A German expedition to Mount Lhotse arrived a few weeks after the Kiwis. The New Zealanders arrive first to cut their own route cut into the Lhotse face to be sure they'd done all the work themselves. They were glad to share food with the Germans who had brought wine, chocolate and other luxuries that the Kiwis were missing from their porridge and baked bean diets.

It was around this time that Mahoney and Mike Brown climbed the Lhotse face and onto the South Col. This was the highest they'd been so far and they established camp here. During the night Brown's speech was becoming nonsensical, one of the warning signs of hypothermia. They returned to their main camp where Brown received medical aid from a German doctor. His blood was viscous from oxygen deprivation, it was sticky and gloopy rather than flowing freely. Plasma was required but at two thousand dollars a bottle it's easy enough to imagine how many bottles the Kiwis had.

The Germans donated plasma and the doctor stayed at the bedside until Brown recovered. A few days later the doctor fell to his death while resting on the descent of the Lhotse face. This tragedy spurred the Germans to make an offer to the Kiwis of any oxygen or equipment that they'd need to reach the summit of Everest. They were packing up to leave anyway and they were keen to see the Kiwis accomplish their goal. A meeting was called in the New Zealand camp. The window of time when an ascent is possible was closing and bad weather was approaching. In the end it was decided that having set out to climb without oxygen, accepting it now would void the validity of the whole mission. Mahoney said they could climb it and they'd get home and everyone would say, "Yeah but...."

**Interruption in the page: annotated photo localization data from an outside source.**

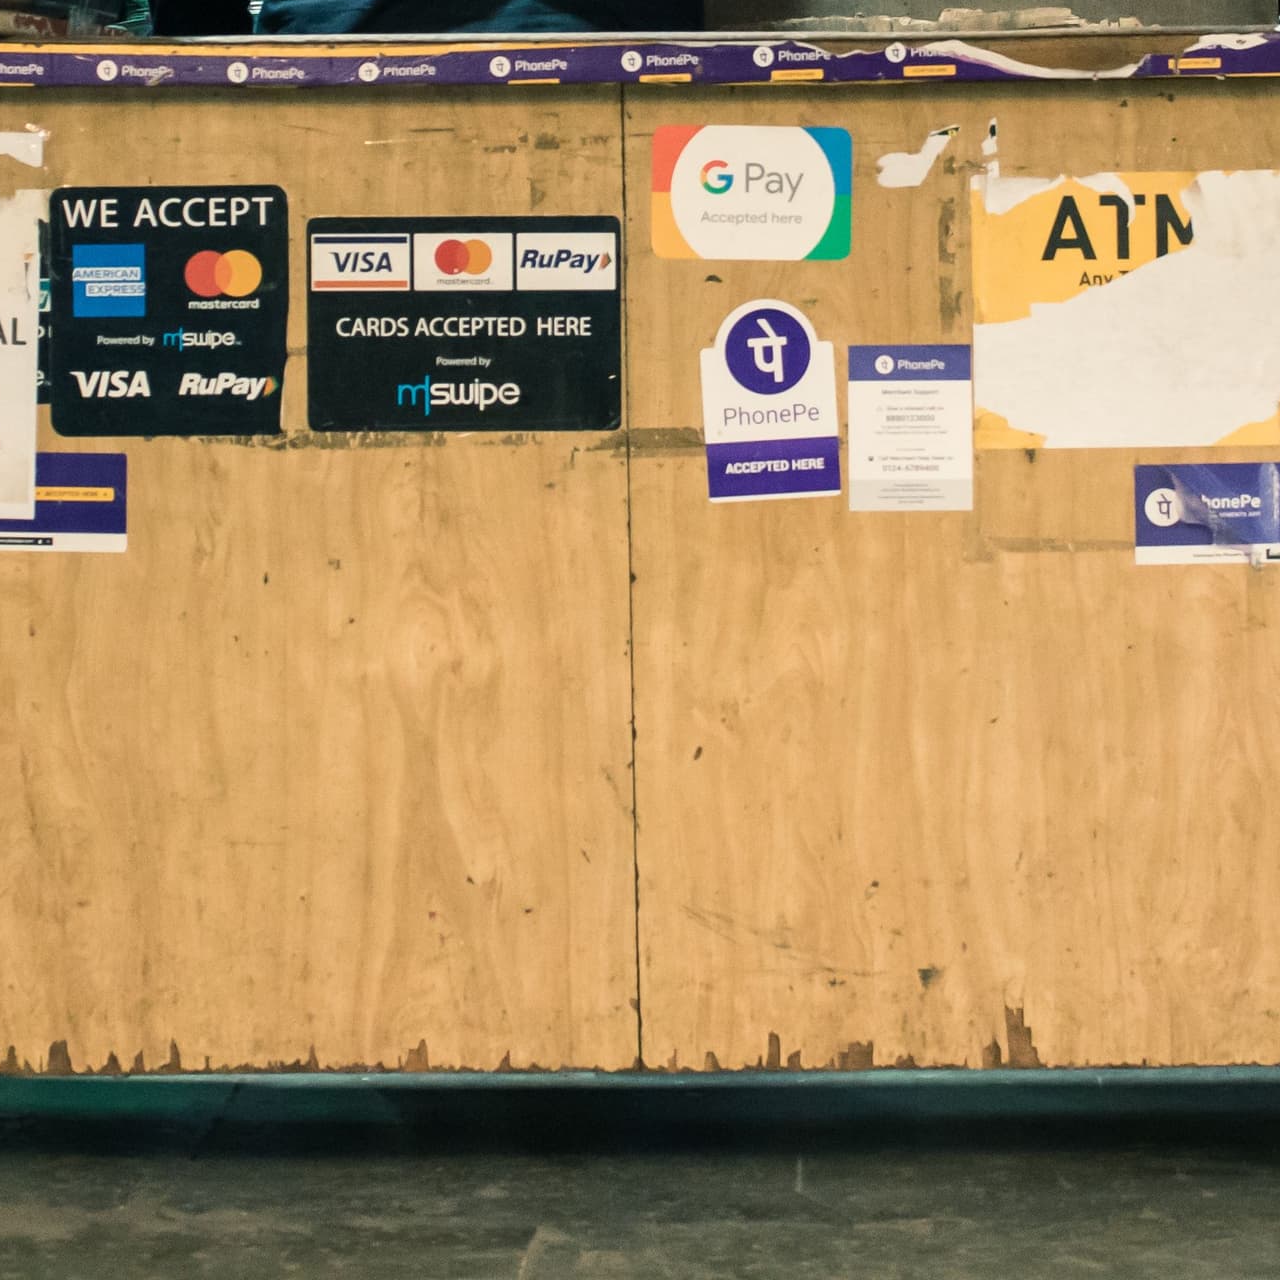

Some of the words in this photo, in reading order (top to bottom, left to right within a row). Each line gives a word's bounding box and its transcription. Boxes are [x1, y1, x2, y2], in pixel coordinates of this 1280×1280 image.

[646, 54, 699, 67] PhonePe
[778, 49, 832, 63] PhonePe
[383, 64, 436, 77] PhonePe
[514, 59, 568, 71] PhonePe
[252, 66, 305, 79] PhonePe
[699, 160, 734, 195] G
[744, 162, 804, 203] Pay
[62, 198, 119, 228] WE
[133, 197, 274, 227] ACCEPT
[700, 210, 767, 225] Accepted
[771, 210, 803, 225] here
[329, 251, 393, 273] VISA
[519, 248, 601, 274] RuPay
[73, 269, 140, 280] AMERICAN
[86, 284, 146, 295] EXPRESS
[188, 298, 260, 310] mastercard
[335, 317, 409, 337] CARDS
[414, 316, 527, 337] ACCEPTED
[536, 316, 592, 336] HERE
[96, 335, 140, 346] Powered
[142, 335, 155, 348] by
[435, 355, 472, 367] Powered
[474, 355, 492, 368] by
[897, 358, 946, 371] PhonePe
[69, 370, 151, 398] VISA
[178, 373, 267, 401] RuPay
[723, 402, 820, 427] PhonePe
[725, 458, 790, 475] ACCEPTED
[791, 456, 825, 471] HERE

The Germans left. The Kiwis remained, with a track cut up the Lhotse face and the same basic kit they'd begun with, plus a few ladders they'd picked up on the way. It was time for the final push. Mahoney, Brown and two others climbed the Lhotse face in weather that was getting progressively worse. The two others decided to turn back but Mahoney and Brown pushed on, saying they'd only go a bit further then come back. They actually carried on to the camp they'd set up on the South Col.

The next day Brown and Mahoney came within four hours of the summit of Mount Everest. They could have reached the top but they wouldn't have made it back down alive. This was the end of the 1977 Everest expedition. Since that trip there has been no expedition to Everest without Sherpas due to a law brought in by the Nepalese government. This means it remains the smallest ever expedition to Everest. It was also the cheapest, a trip up Everest will set the average punter back around one hundred thousand dollars nowadays. People have since reached the top without oxygen, but you can be sure they did a lot more training than just the walk from Kathmandu.

This is what I love about New Zealanders, even with the odds stacked against them nothing would stop them a fair go at the world highest mountain. They didn't reach the top but writing off their effort would be like watching a man with no legs get to the twenty fifth mile of a marathon and not being impressed. They were resourceful enough to get within a stones throw of that fabled peak on a per head budget most people wouldn't take backpacking. Mostly I love that Mahoney was having a laugh about the whole experience. In his Santa suit he cracked jokes about one of the most serious hikes on this planet. Not that he bragged about this fact, he was as humble as a priest, his chosen profession after Everest. His hand trembled with nerves throughout the whole speech, the man who climbed Everest on a penny, reduced to a shaking mess by public speaking. At the end of the talk, the lights went on and he said "I'm glad that's over."